“To try the speed": adventures in the development of Massachusetts railroads, 1826-1850
Embargo Date
2027-11-30
OA Version
Citation
Abstract
Railroads entered American life during the second quarter of the nineteenth century through the efforts of rural residents who embraced this new technology. In an era of expanding economic opportunities, men and women throughout Massachusetts related what they learned about railroads to their previous experience with mechanization and transportation improvements and took the lead in developing rail projects. By 1850, more than 1,000 miles of track crisscrossed the state, carrying millions of riders annually. Popular support was not only essential to the railroads’ success; rural habits determined the railroads’ final form.

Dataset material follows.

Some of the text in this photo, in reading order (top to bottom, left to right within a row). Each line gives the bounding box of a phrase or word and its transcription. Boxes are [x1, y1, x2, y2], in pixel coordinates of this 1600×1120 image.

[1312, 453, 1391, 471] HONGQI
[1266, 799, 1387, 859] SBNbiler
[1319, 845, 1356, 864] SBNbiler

In the past, business and economic historians have made railroads the basis of organizational and network studies and measured their support by the allocation of public funds. They have overlooked rural capitalism and early rail technology. This project eschews economic and scientific determinism in favor of a humanistic approach influenced by Jan de Vries’s theory of the “Industrious Revolution” and Joyce Appleby’s definition of capitalism as a cultural system that challenges traditional norms. It identifies several models of railroad development in Massachusetts that break down the traditional binary between “rural” and “urban.” It also refines the investment model of Arthur M. Johnson and Barry E. Supple, which distinguishes “opportunistic” from “developmental” projects.

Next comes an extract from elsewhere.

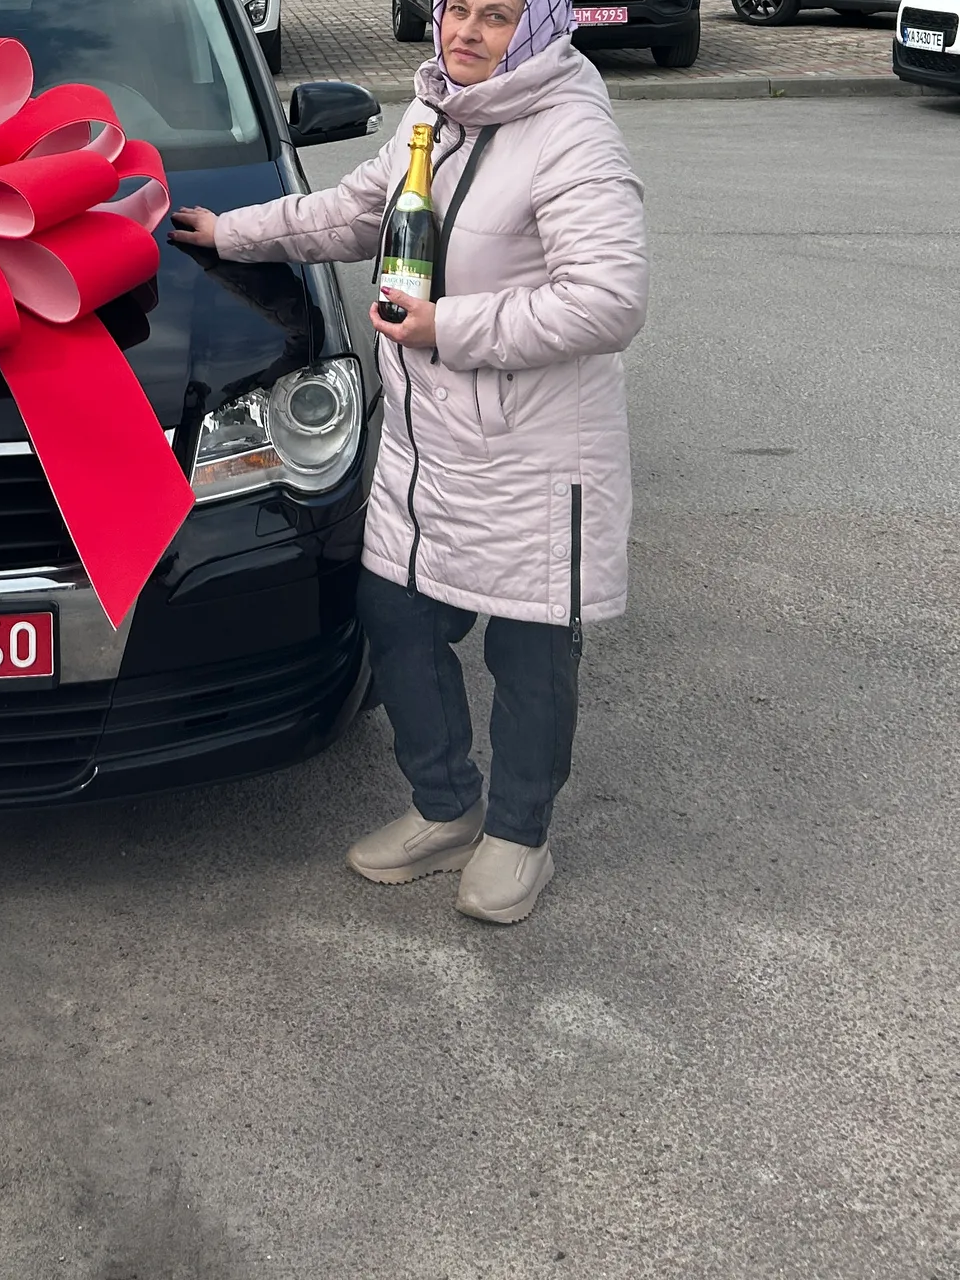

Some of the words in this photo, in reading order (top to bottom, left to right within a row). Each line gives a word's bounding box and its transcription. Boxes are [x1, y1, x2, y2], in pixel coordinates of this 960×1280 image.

This study recovers the lived experience of rural residents at the intersection of technology and culture. Among its sources, it uses the U.S. Census of Manufactures to show widespread industrialization and a long history of remaking the landscape in the countryside. Rather than trace the flow of investment capital, it examines corporate charters and petitions to measure rural residents’ support for rail technology and their engagement with the political process. It examines knowledge and technology transfer to demonstrate that rural residents were as equipped as urban investors to evaluate new technology and gauge its potential applications. Because Massachusetts was a national leader in industry, politics, the law, reform, the arts, and culture in this period, this more accurate understanding of how railroads emerged helps to reshape our understanding of key topics in the early republic.